Asked whether she thinks Jews are weird, Khazan, a Washington, D.C.-based staff writer for The Atlantic, was political in her response.
“That’s an interesting question,” she said. “I can see how you might see it that way.”
Khazan was far more direct in talking about her own “weirdo” status, which was the catalyst for her debut book.
As she details in “Weird,” she came upon this self-designation honestly after years of awkwardness and social isolation. A product of the former Soviet Union, Khazan left the country with her parents when she was a tot — just a year or so before the USSR’s dissolution and at the cusp of the massive exodus of Soviet Jews to Israel and the United States.
Khazan’s family was already “different” than most of the other Soviet emigres at the time. As she notes, only her father is Jewish, while her mother is the Finnish-born daughter of Lutheran farmers. On top of that, the Khazan family, unlike like so many of their cohorts, settled not in a large metropolitan area but in the West Texas city of Midland, which had nary a Russian immigrant, much less a Jew.
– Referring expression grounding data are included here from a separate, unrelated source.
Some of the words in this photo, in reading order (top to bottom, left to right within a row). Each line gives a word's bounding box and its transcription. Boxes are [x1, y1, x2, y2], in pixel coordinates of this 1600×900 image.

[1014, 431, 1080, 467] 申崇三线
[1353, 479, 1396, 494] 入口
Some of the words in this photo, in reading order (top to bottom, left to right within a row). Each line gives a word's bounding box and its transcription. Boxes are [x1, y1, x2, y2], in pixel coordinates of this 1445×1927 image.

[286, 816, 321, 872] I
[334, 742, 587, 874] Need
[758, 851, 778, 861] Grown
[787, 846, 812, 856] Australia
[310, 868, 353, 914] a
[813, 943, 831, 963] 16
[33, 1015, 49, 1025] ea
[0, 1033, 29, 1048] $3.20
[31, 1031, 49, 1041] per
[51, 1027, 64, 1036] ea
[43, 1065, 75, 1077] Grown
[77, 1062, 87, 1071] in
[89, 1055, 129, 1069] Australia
From the start, the author’s experiences in Midland reinforced differences between her and her peers. She recounts a scarring incident at a Baptist-run day care center, where as a 4-year-old she indulged in a snack without saying a blessing.
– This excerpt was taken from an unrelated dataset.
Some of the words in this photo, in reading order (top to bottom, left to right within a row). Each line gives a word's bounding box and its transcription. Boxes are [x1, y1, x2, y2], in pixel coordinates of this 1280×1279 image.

“A daycare worker saw me, asked, “Are you eatin’ without prayin’!?,” she writes, “and punished me on the spot. I didn’t know how to tell them that I’m from somewhere else, that I don’t believe what they do. … When my mom came to pick me up, the daycare instructor complained to her about my misbehavior. My mom said nothing (‘We were afraid. We were new,’ she says now. ‘It was a small town. Everyone knows each other. We were trying to play by their rules.’).”
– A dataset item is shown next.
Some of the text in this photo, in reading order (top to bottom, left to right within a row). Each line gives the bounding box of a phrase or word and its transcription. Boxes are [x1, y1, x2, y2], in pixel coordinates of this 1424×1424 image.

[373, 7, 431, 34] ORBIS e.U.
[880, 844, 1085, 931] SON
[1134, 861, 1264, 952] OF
Khazan continues, “Someone told me, around this time, that I was an ‘alien,’ like E.T. That day, it felt more true than ever: like I had traveled to a new planet, and I’d never learn to breathe its air or speak its tongues.”
While alienated from the prevailing mores of Midland and later of suburban Dallas, where her family moved during her adolescence, Khazan tried desperately to fit in, going so far as to attend an evangelical Christian Sunday school and youth group.
“I was very uncool and had no friends,” she recalled, and “if you’re someone who struggles socially,” a church group, with built-in rules and standards of behavior, seemed like an expedient answer.
Growing up, Khazan never disclosed her father’s religious background to acquaintances.
“I didn’t want to throw the Jewish thing” into conversations, she said. “It was yet another thing” — in addition to her family’s foreignness and accents — that would make her stand out.
For a school genealogy project, when she learned that her surname means “cantor … some sort of singer in a synagogue,” Khazan admitted to herself that “I was jealous of the girl whose last name was Welsh for ‘stone,’” she writes in the book.
For “Weird,” Khazan dug deeply, combing through the academic literature about “differentness” and the emotional fallout for those who have been made to feel inferior because of it. She also conducted interviews with “weird” individuals, who shared their own challenges and coping strategies.
After many years as a successful writer, does Khazan feel that she can now wear her “weirdness” as a badge of honor?
“I think I’m more comfortable being different,” she said. But as for differentness being a point of pride, she added, that remains “aspirational.”